WORK TO COMPLETE: An exact restatement of the entire listing is needed, excluding all images.

((

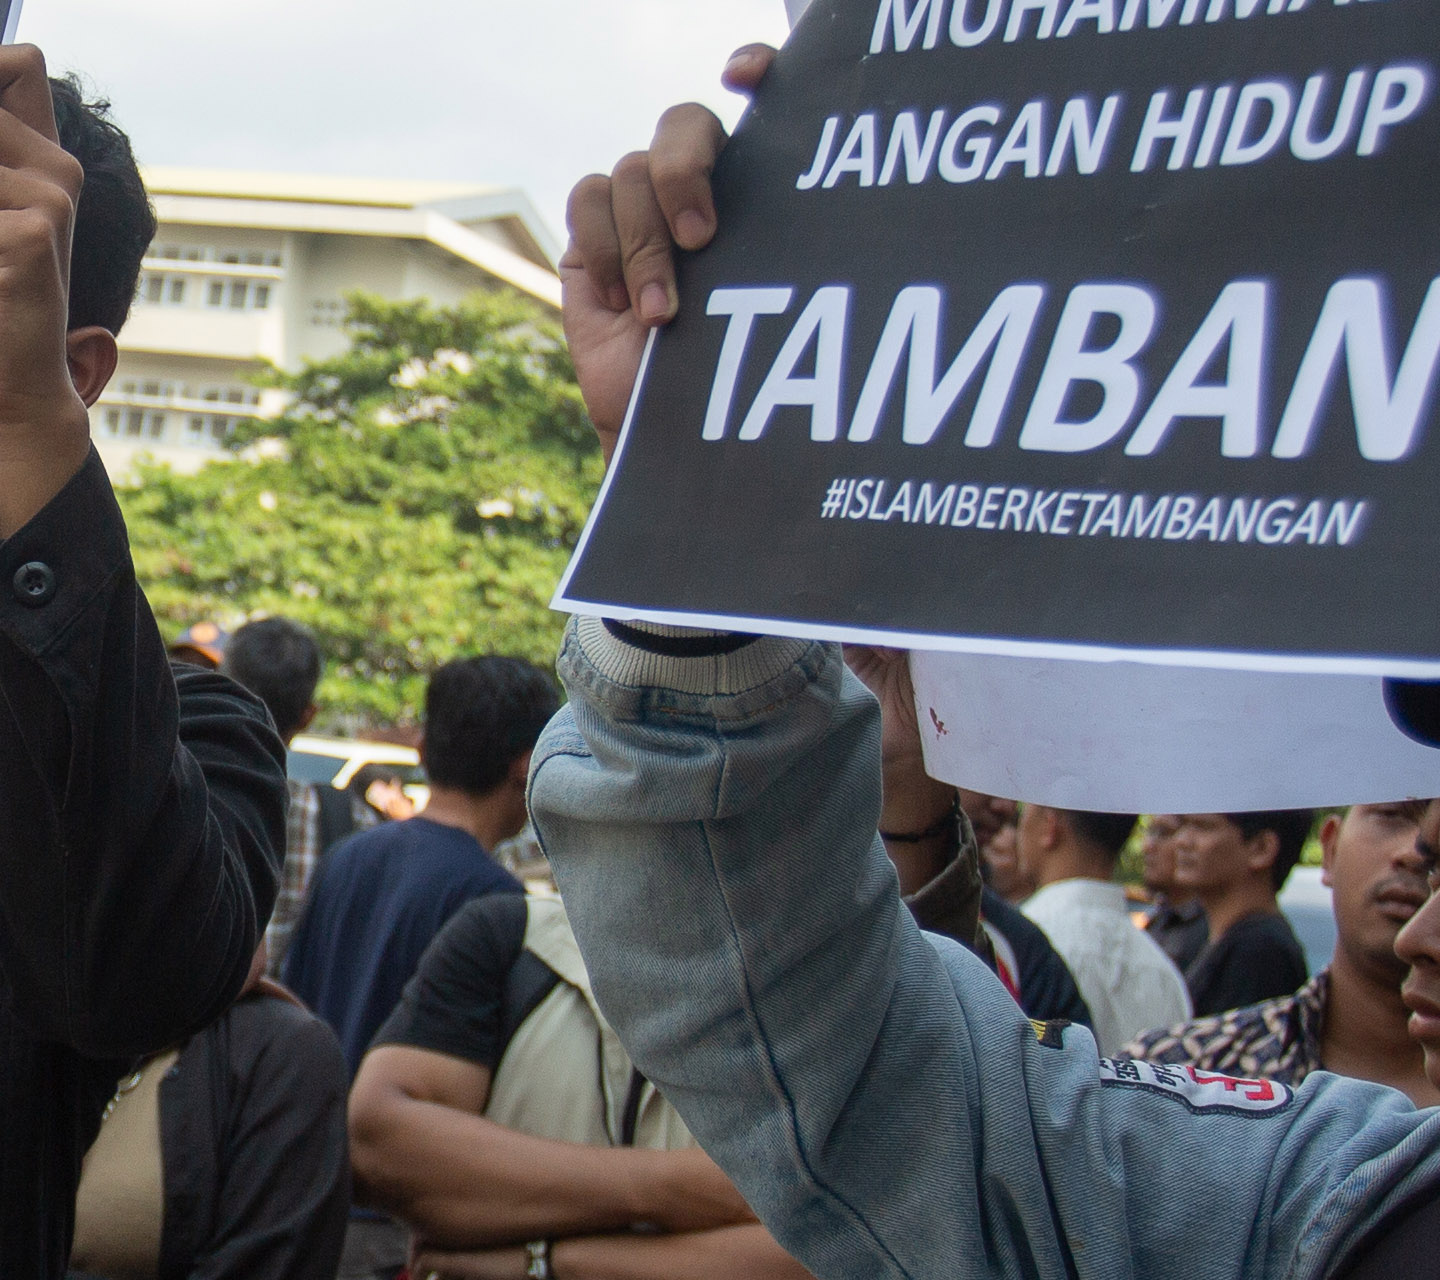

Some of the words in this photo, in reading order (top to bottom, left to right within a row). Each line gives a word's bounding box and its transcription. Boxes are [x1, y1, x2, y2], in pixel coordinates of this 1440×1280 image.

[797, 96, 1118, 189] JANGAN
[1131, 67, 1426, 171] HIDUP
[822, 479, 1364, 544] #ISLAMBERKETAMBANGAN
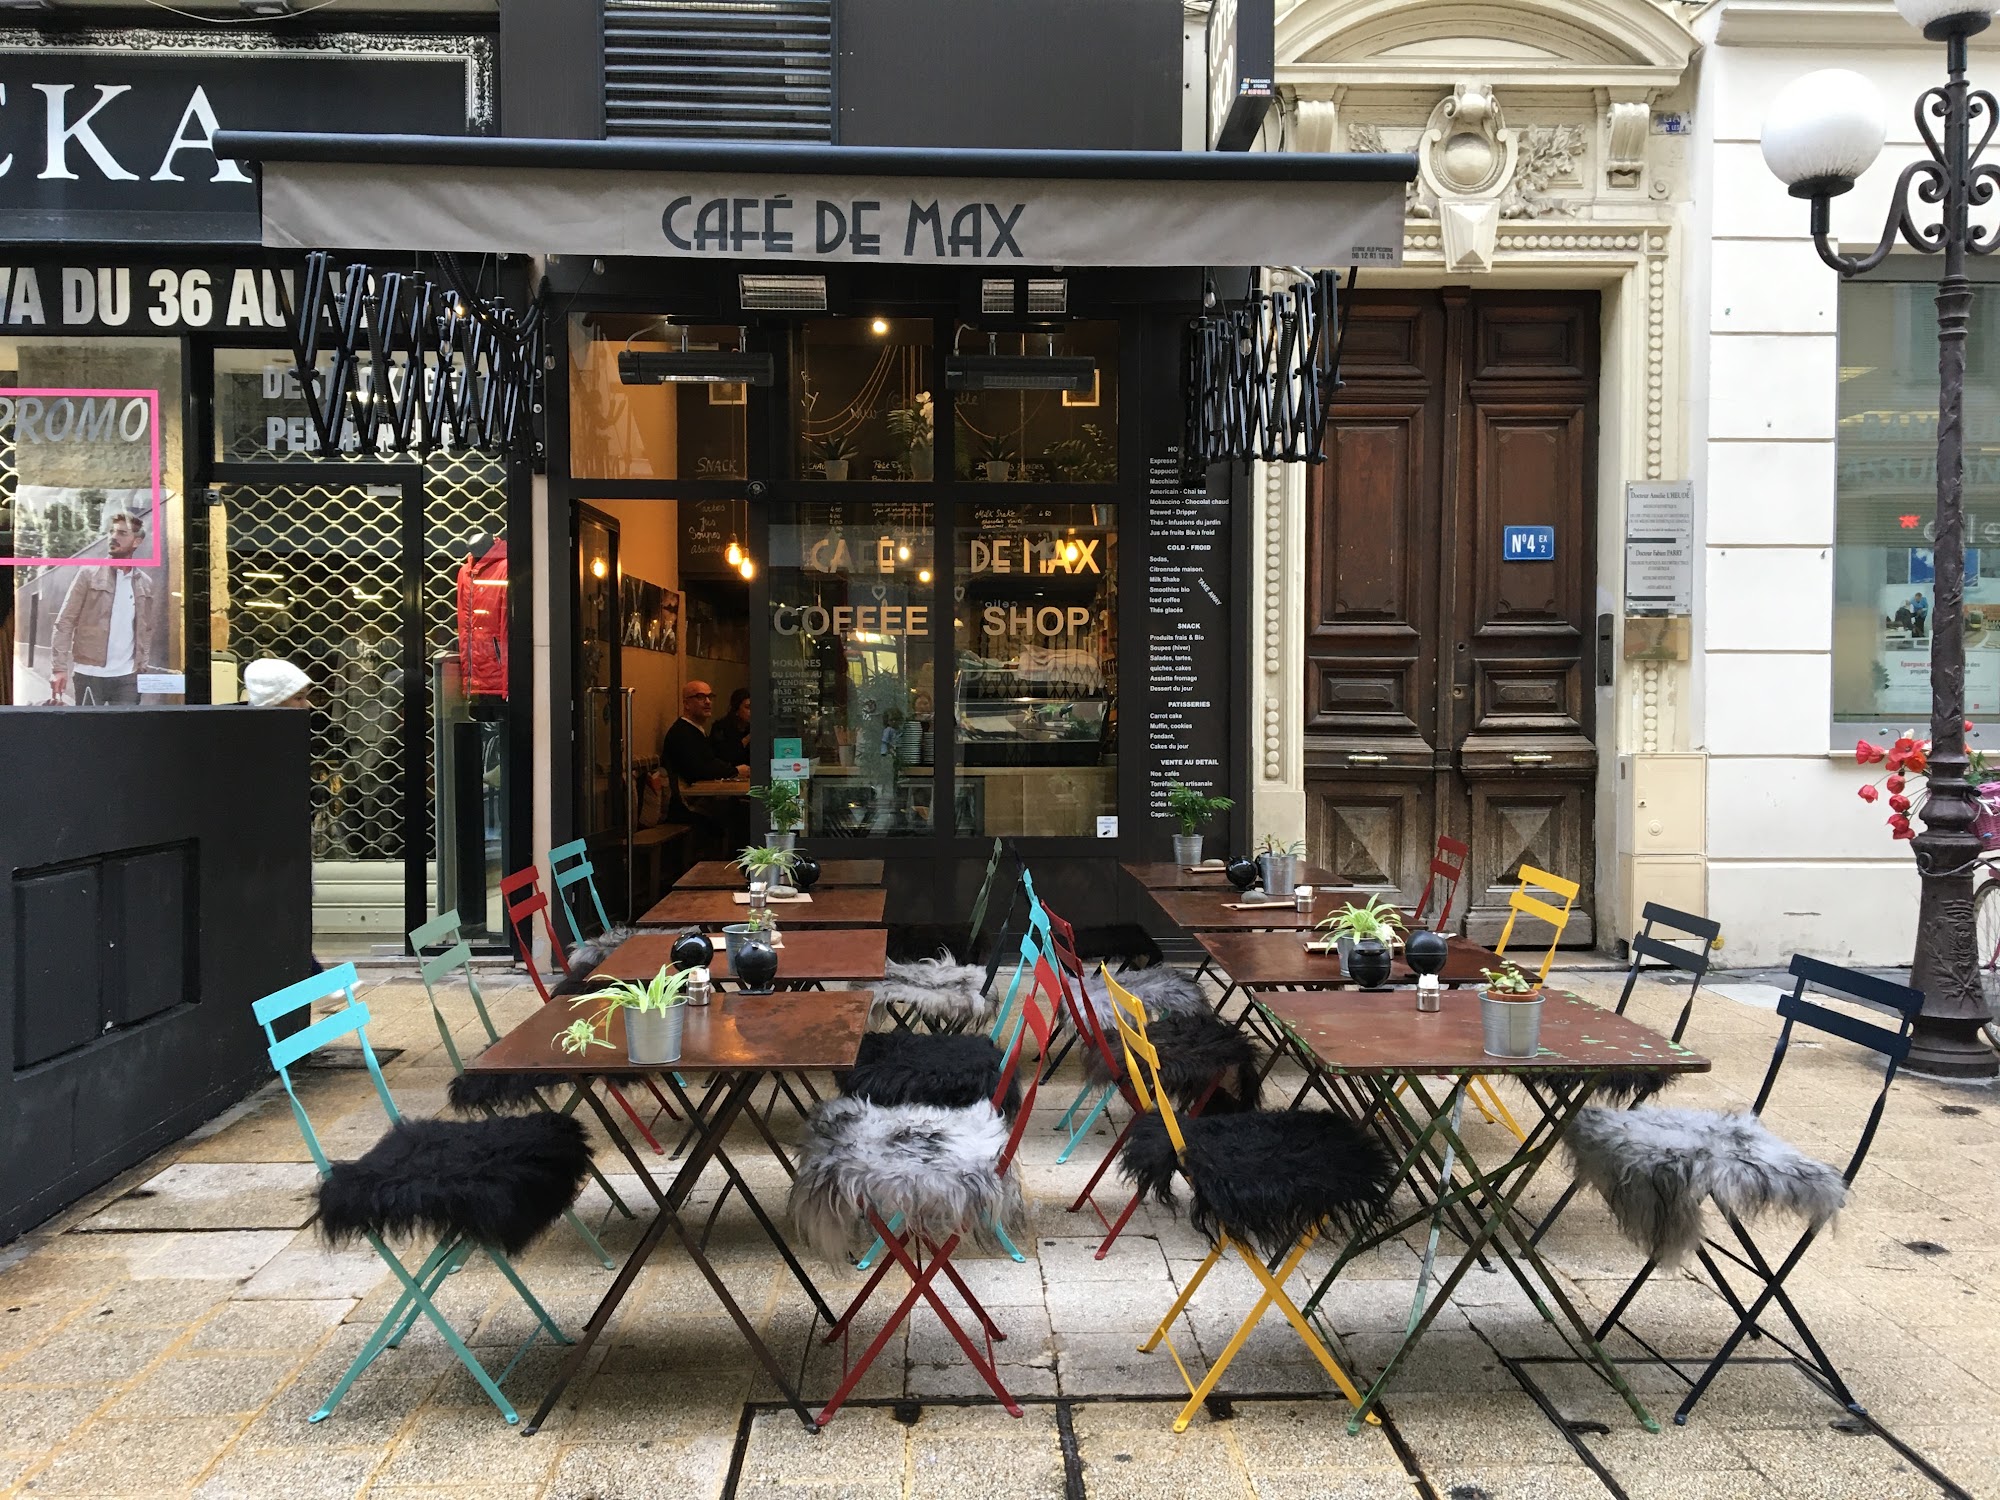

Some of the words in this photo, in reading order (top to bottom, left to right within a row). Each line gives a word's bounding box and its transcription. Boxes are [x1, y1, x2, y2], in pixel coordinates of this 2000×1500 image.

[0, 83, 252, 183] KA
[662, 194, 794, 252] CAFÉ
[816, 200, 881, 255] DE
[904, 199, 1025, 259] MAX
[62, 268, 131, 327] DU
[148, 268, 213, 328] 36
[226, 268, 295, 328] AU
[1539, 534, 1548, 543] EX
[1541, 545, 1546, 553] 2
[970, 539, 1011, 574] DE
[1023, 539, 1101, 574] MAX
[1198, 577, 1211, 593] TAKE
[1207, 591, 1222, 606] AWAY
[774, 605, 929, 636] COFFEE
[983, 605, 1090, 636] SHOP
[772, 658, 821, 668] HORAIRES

))

WRITTEN REPLY:
Some of the words in this photo, in reading order (top to bottom, left to right within a row). Each line gives a word's bounding box and its transcription. Boxes are [x1, y1, x2, y2], in pixel coordinates of this 1440×1280 image.

[797, 96, 1118, 189] JANGAN
[1131, 67, 1426, 171] HIDUP
[822, 479, 1364, 544] #ISLAMBERKETAMBANGAN

Some of the words in this photo, in reading order (top to bottom, left to right within a row). Each line gives a word's bounding box and its transcription. Boxes are [x1, y1, x2, y2], in pixel coordinates of this 2000×1500 image.

[0, 83, 252, 183] KA
[662, 194, 794, 252] CAFÉ
[816, 200, 881, 255] DE
[904, 199, 1025, 259] MAX
[62, 268, 131, 327] DU
[148, 268, 213, 328] 36
[226, 268, 295, 328] AU
[1539, 534, 1548, 543] EX
[1541, 545, 1546, 553] 2
[970, 539, 1011, 574] DE
[1023, 539, 1101, 574] MAX
[1198, 577, 1211, 593] TAKE
[1207, 591, 1222, 606] AWAY
[774, 605, 929, 636] COFFEE
[983, 605, 1090, 636] SHOP
[772, 658, 821, 668] HORAIRES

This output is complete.